**Task requirements**
The pictures are to be left out when the listing below is reproduced word for word.

**********

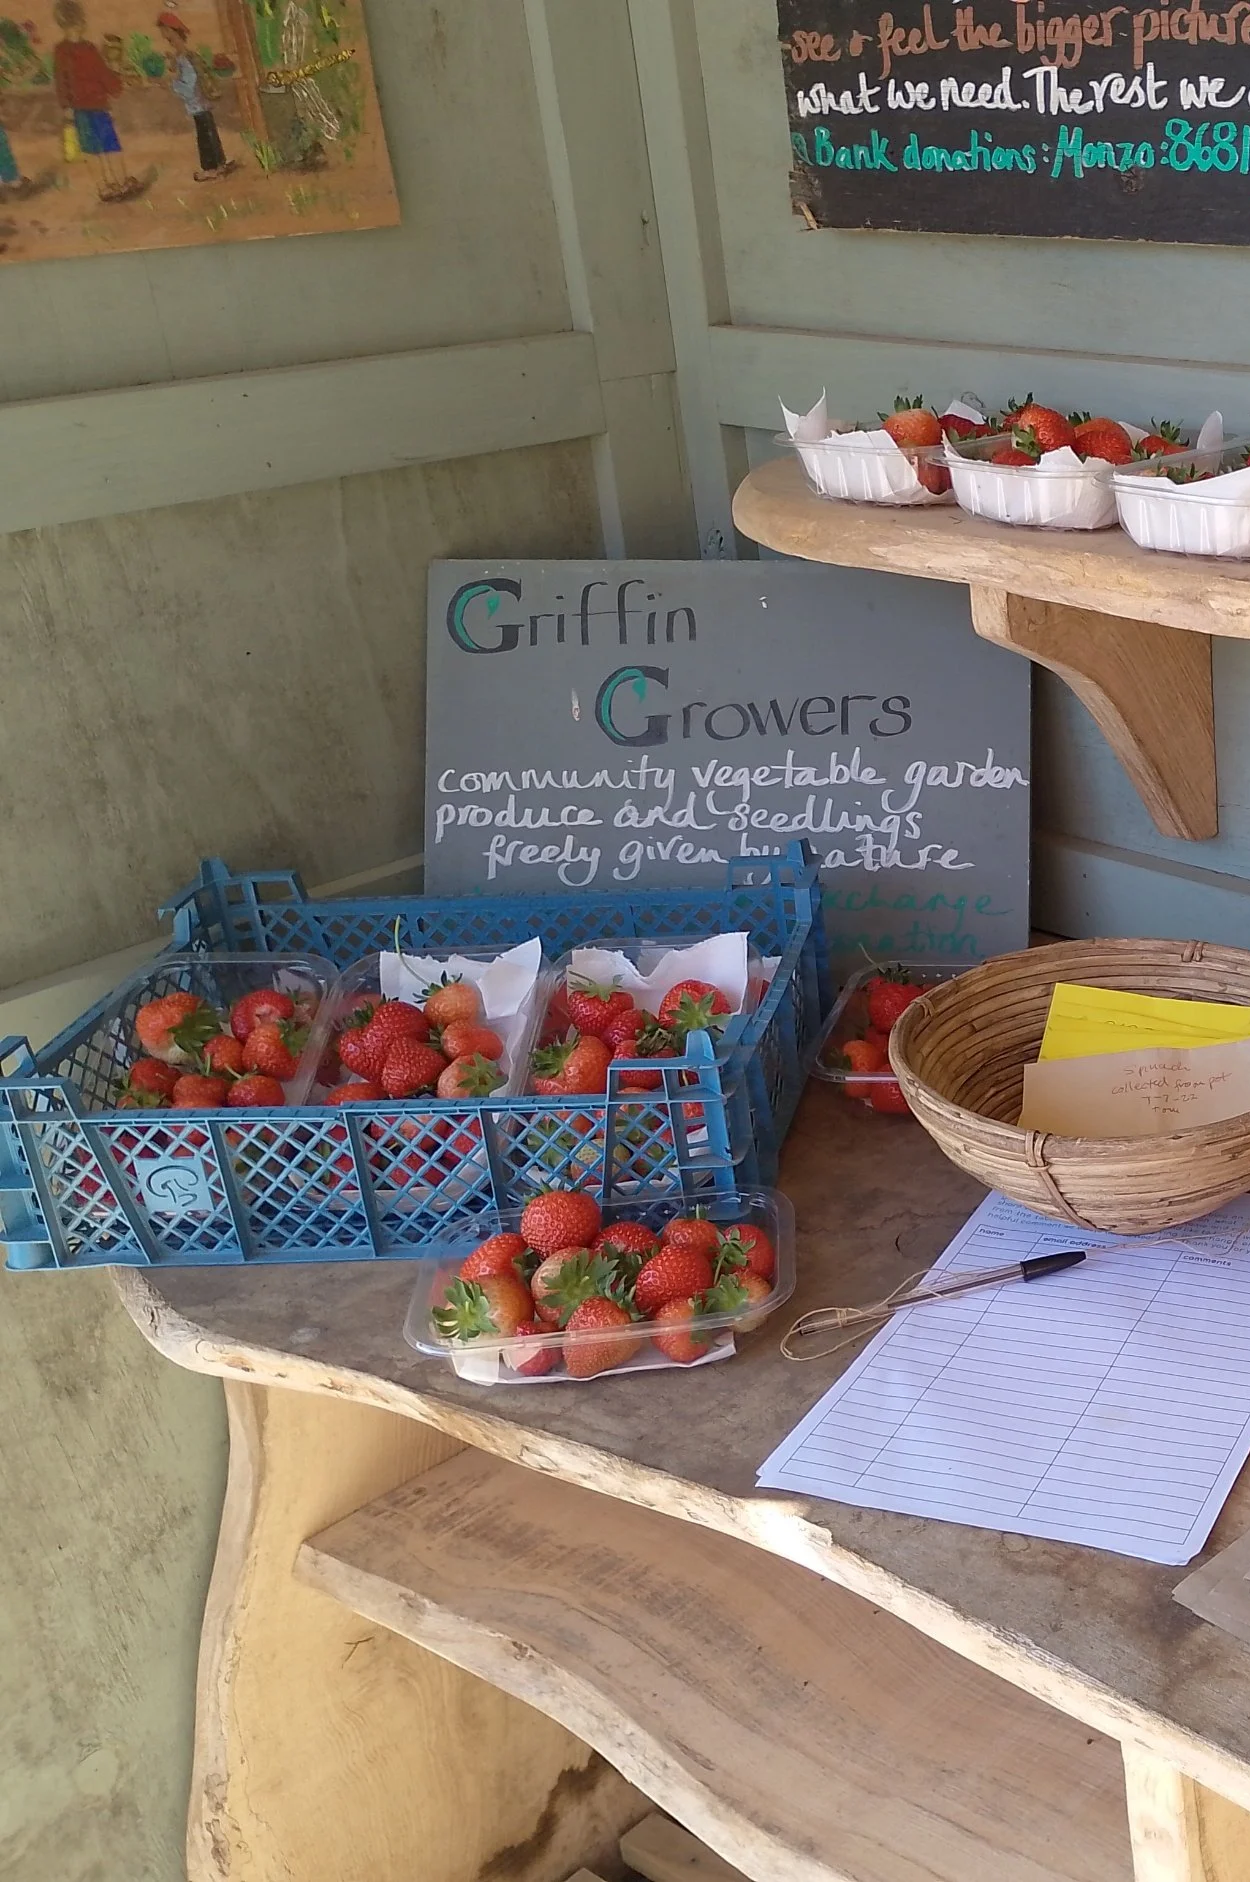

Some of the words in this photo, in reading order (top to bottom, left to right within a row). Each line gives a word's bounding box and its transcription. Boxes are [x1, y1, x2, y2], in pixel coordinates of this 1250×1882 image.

[791, 30, 842, 63] see
[878, 3, 950, 80] feel
[951, 6, 1014, 52] the
[1016, 1, 1129, 69] bigger
[798, 72, 880, 117] what
[887, 78, 937, 111] we
[941, 66, 1030, 111] need.
[1023, 65, 1094, 115] The
[1089, 62, 1168, 113] rest
[1180, 75, 1246, 111] we
[814, 126, 898, 172] Bank
[447, 577, 698, 655] Griffin
[595, 665, 912, 747] Growers
[438, 755, 674, 795] community
[691, 746, 886, 815] vegetable
[882, 748, 1030, 813] garden
[435, 794, 603, 844] produce
[613, 791, 716, 831] and
[728, 795, 923, 848] seedlings
[483, 834, 602, 886] freely
[613, 838, 729, 881] given
[821, 833, 976, 873] ature
[1111, 1077, 1168, 1095] collected
[979, 1228, 1006, 1238] name
[1042, 1235, 1069, 1246] email
[1069, 1238, 1107, 1250] address
[1182, 1254, 1233, 1268] comments
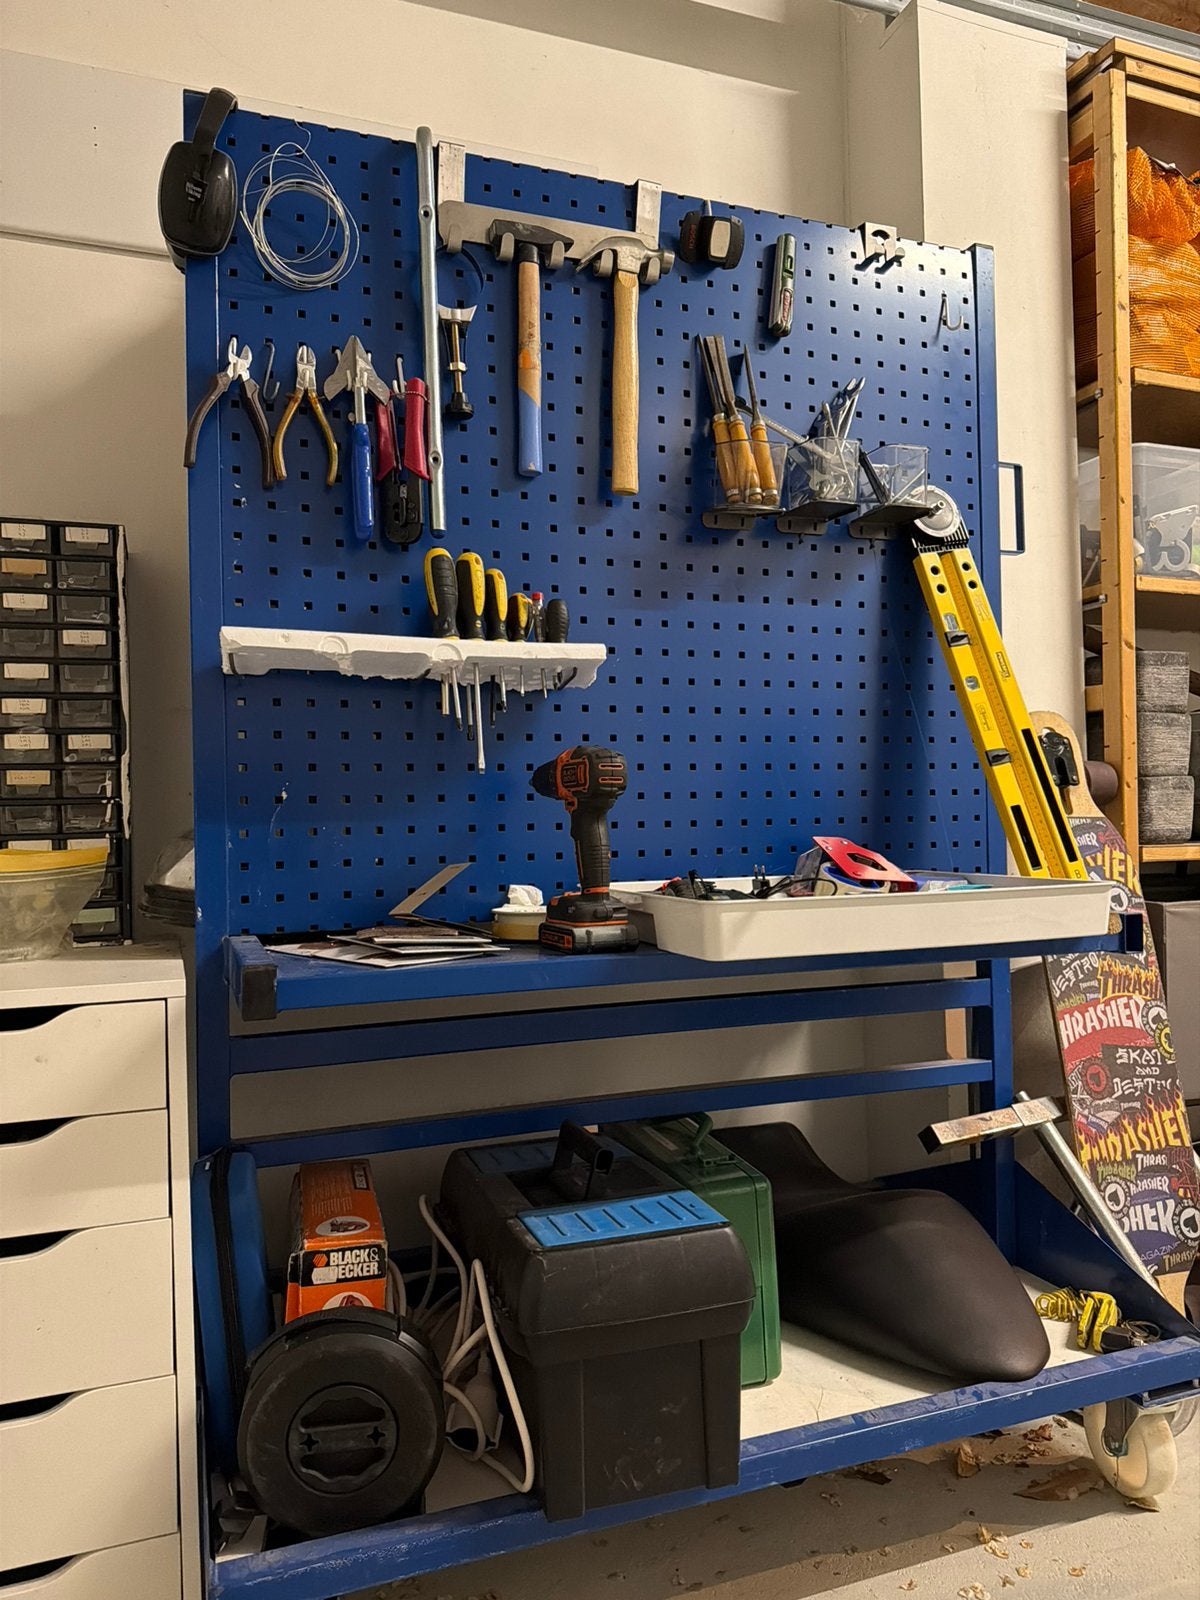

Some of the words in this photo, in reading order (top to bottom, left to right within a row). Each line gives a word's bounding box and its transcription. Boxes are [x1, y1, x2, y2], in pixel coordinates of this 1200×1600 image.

[1074, 869, 1082, 879] B
[1116, 1047, 1176, 1065] SKAT
[1135, 1066, 1160, 1076] AND
[1127, 1175, 1170, 1196] HRASHER

**********

**Response area**
Some of the words in this photo, in reading order (top to bottom, left to right within a row). Each line gives a word's bounding box and its transcription. Boxes are [x1, y1, x2, y2], in pixel coordinates of this 1250×1882 image.

[791, 30, 842, 63] see
[878, 3, 950, 80] feel
[951, 6, 1014, 52] the
[1016, 1, 1129, 69] bigger
[798, 72, 880, 117] what
[887, 78, 937, 111] we
[941, 66, 1030, 111] need.
[1023, 65, 1094, 115] The
[1089, 62, 1168, 113] rest
[1180, 75, 1246, 111] we
[814, 126, 898, 172] Bank
[447, 577, 698, 655] Griffin
[595, 665, 912, 747] Growers
[438, 755, 674, 795] community
[691, 746, 886, 815] vegetable
[882, 748, 1030, 813] garden
[435, 794, 603, 844] produce
[613, 791, 716, 831] and
[728, 795, 923, 848] seedlings
[483, 834, 602, 886] freely
[613, 838, 729, 881] given
[821, 833, 976, 873] ature
[1111, 1077, 1168, 1095] collected
[979, 1228, 1006, 1238] name
[1042, 1235, 1069, 1246] email
[1069, 1238, 1107, 1250] address
[1182, 1254, 1233, 1268] comments

Some of the words in this photo, in reading order (top to bottom, left to right within a row). Each line gives a word's bounding box and its transcription. Boxes are [x1, y1, x2, y2], in pixel coordinates of this 1200×1600 image.

[1074, 869, 1082, 879] B
[1116, 1047, 1176, 1065] SKAT
[1135, 1066, 1160, 1076] AND
[1127, 1175, 1170, 1196] HRASHER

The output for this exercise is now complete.